#### [WORK INSTRUCTION]
Set down, exactly and with nothing added, the lines running from the one that holds "this 1280×1187 image." to the final line of the records. Pictures stay out of the copy.

_ _ _

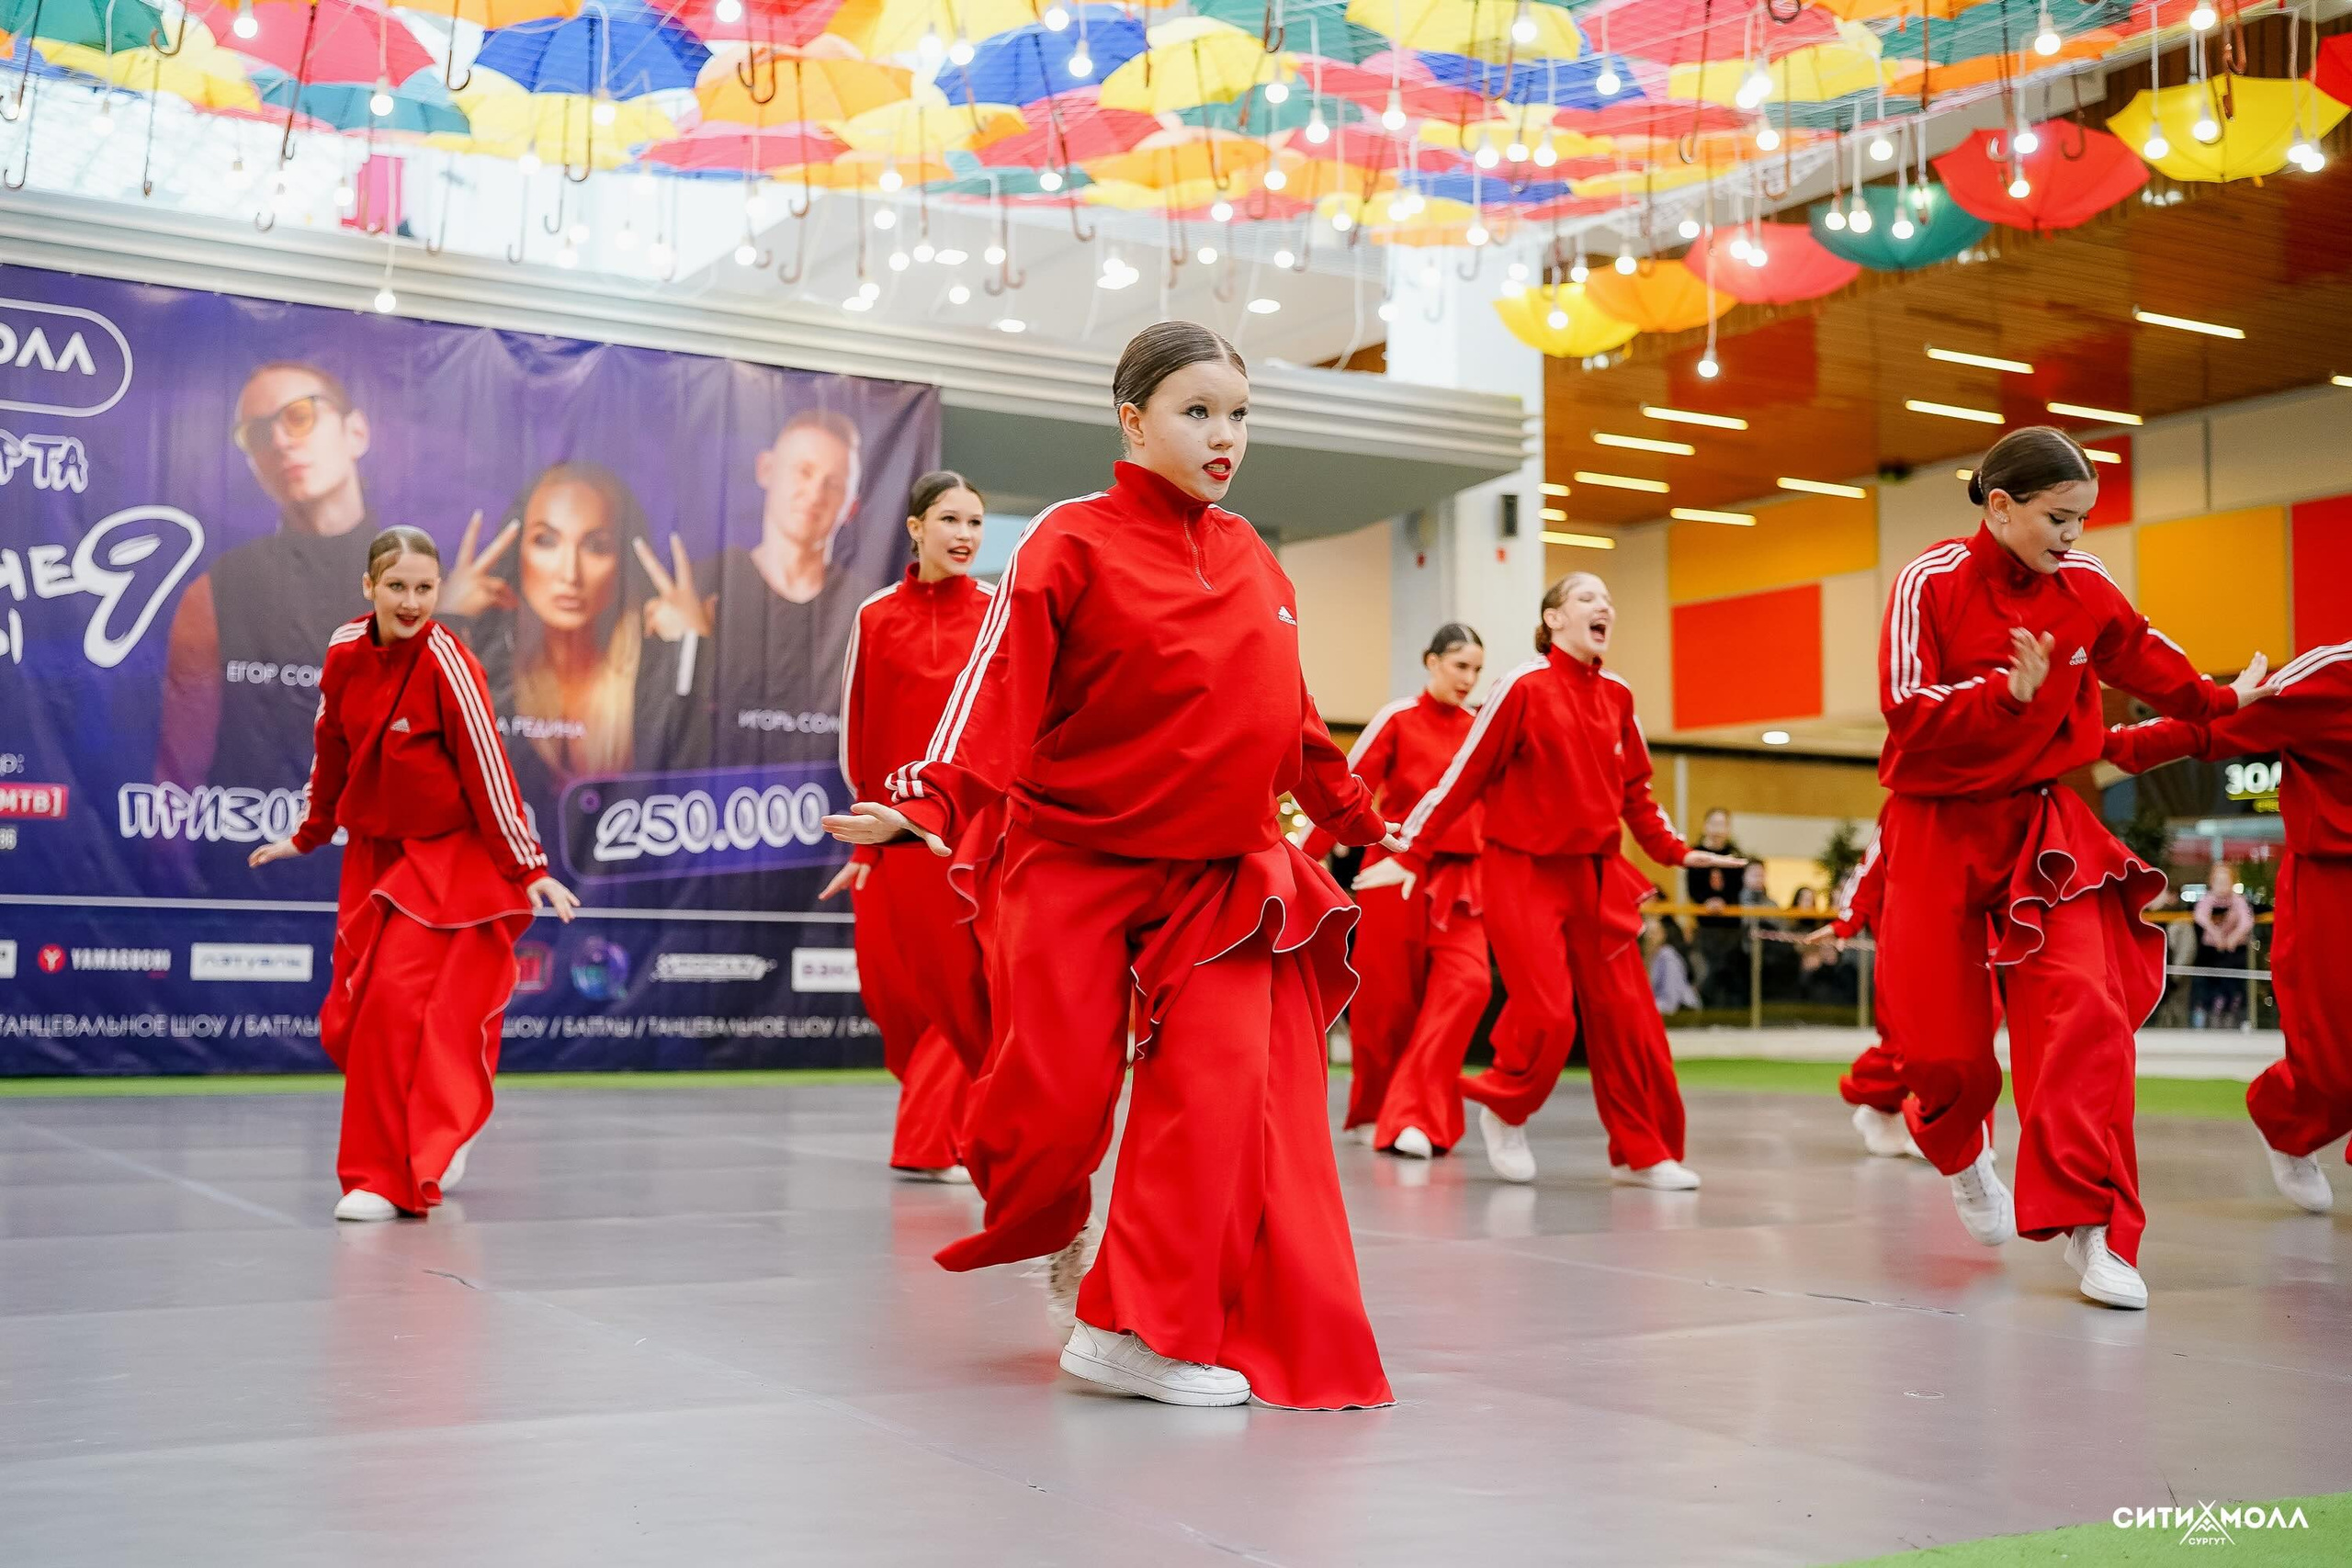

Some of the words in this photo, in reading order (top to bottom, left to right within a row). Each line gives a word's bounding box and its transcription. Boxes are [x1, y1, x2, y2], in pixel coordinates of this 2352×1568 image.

[226, 660, 279, 684] ЕГОР
[594, 782, 830, 862] 250.000
[171, 1014, 227, 1038] ШОУ
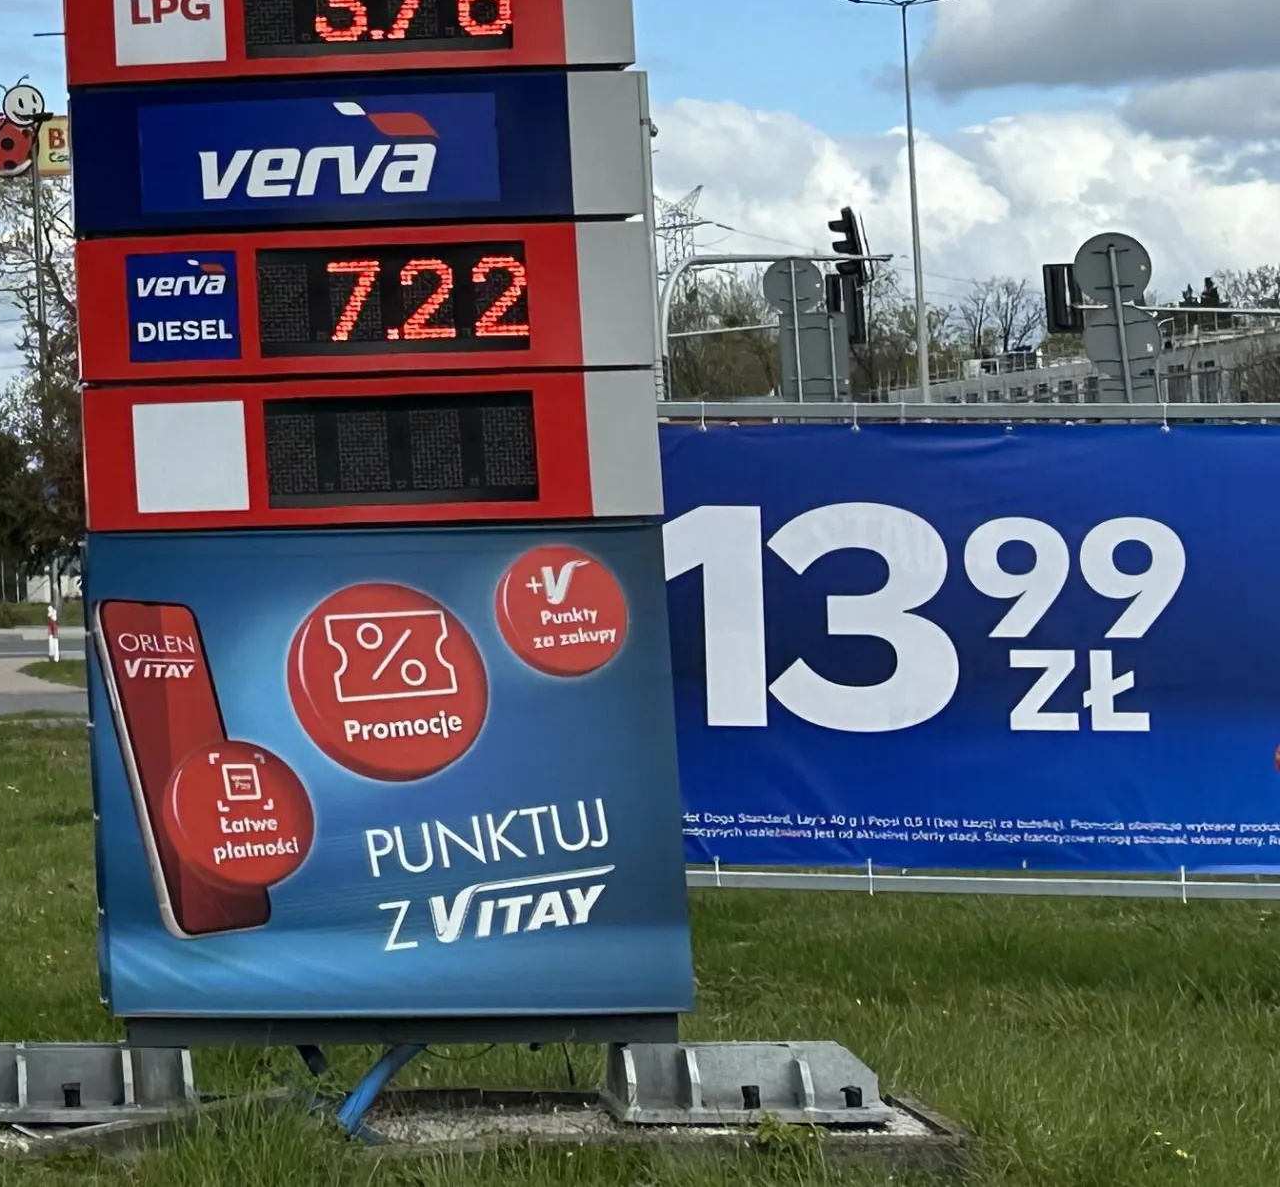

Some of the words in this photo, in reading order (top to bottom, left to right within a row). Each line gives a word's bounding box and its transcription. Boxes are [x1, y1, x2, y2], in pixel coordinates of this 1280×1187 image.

[199, 141, 438, 200] verva
[136, 273, 226, 297] verva
[327, 256, 529, 342] 7.22
[137, 319, 233, 343] DIESEL
[540, 607, 598, 626] Punkty
[118, 632, 195, 655] ORLEN
[533, 635, 555, 649] za
[559, 626, 617, 647] zakupy
[123, 658, 195, 680] VITAY
[1010, 649, 1150, 731] ZŁ
[344, 710, 463, 742] Promocje
[366, 798, 609, 877] PUNKTUJ
[429, 865, 615, 943] VITAY
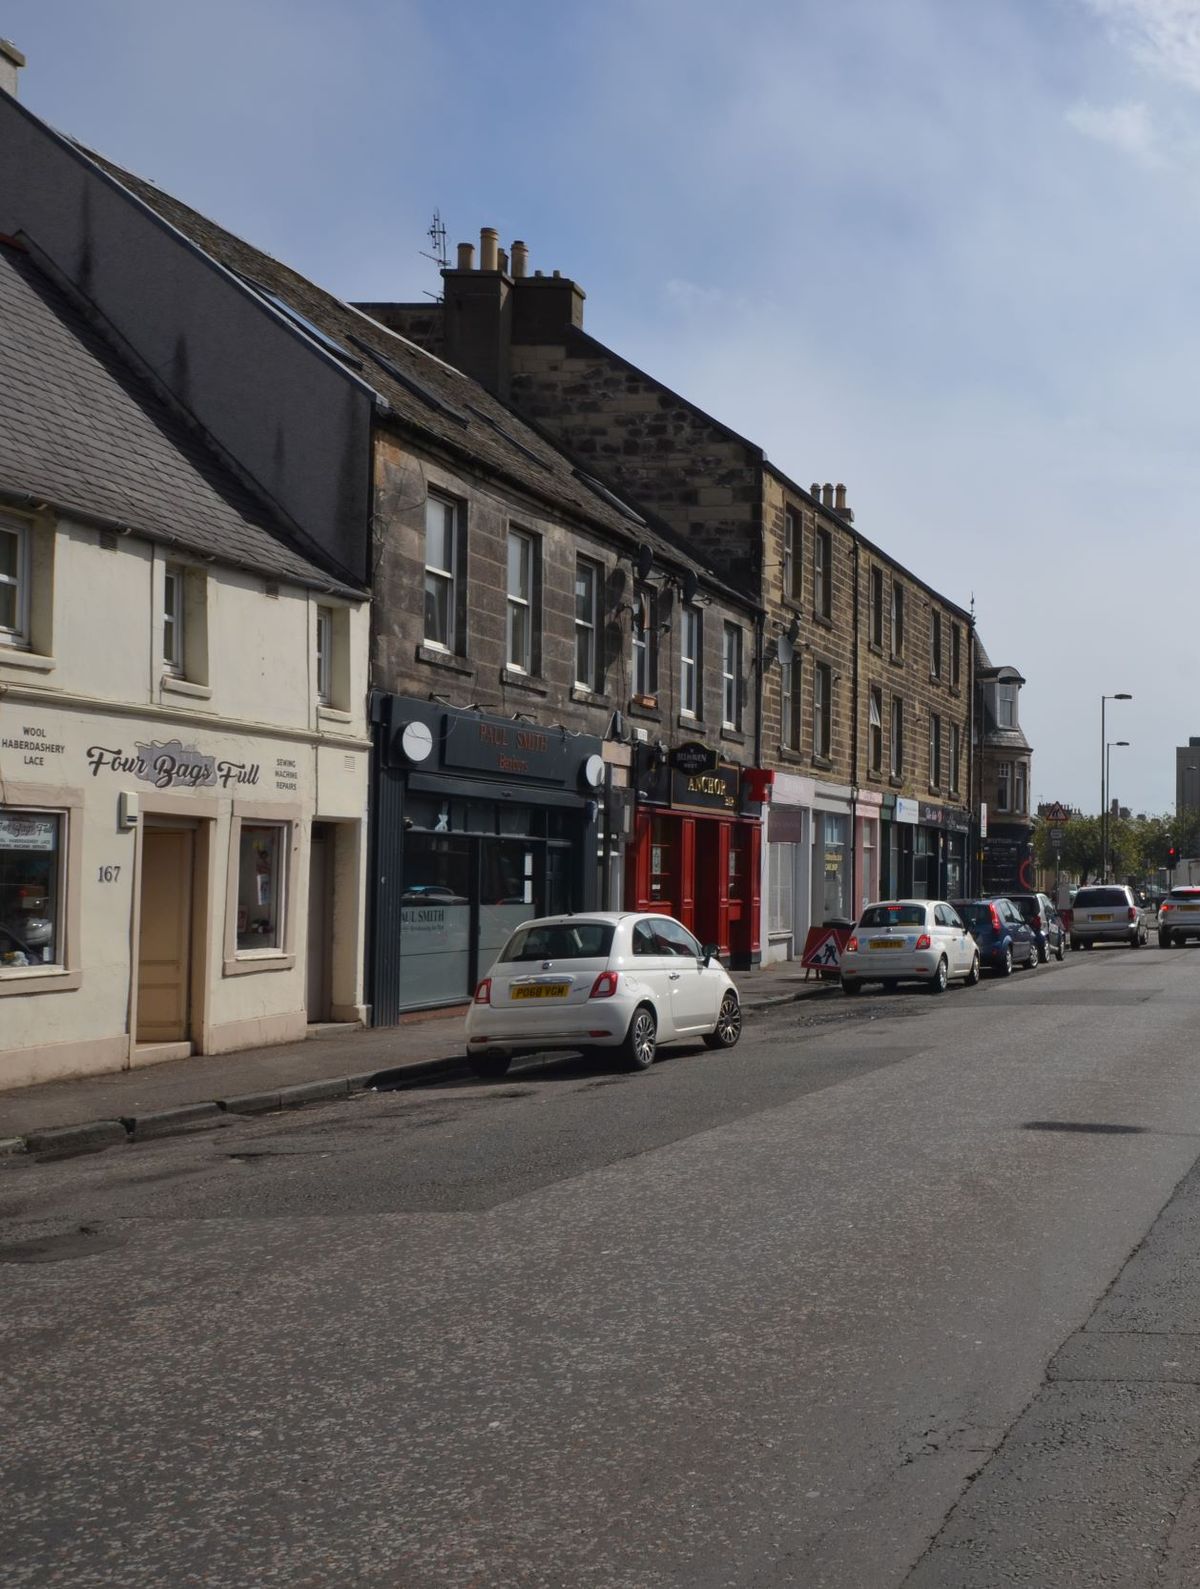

_ _ _

#### [ANSWER TO THIS TASK]
Some of the words in this photo, in reading order (top to bottom, left to right within a row). Each line gives a word's bounding box and its transcription. Boxes are [x1, y1, x2, y2], in pixel coordinates of this 1280×1187 image.

[199, 141, 438, 200] verva
[136, 273, 226, 297] verva
[327, 256, 529, 342] 7.22
[137, 319, 233, 343] DIESEL
[540, 607, 598, 626] Punkty
[118, 632, 195, 655] ORLEN
[533, 635, 555, 649] za
[559, 626, 617, 647] zakupy
[123, 658, 195, 680] VITAY
[1010, 649, 1150, 731] ZŁ
[344, 710, 463, 742] Promocje
[366, 798, 609, 877] PUNKTUJ
[429, 865, 615, 943] VITAY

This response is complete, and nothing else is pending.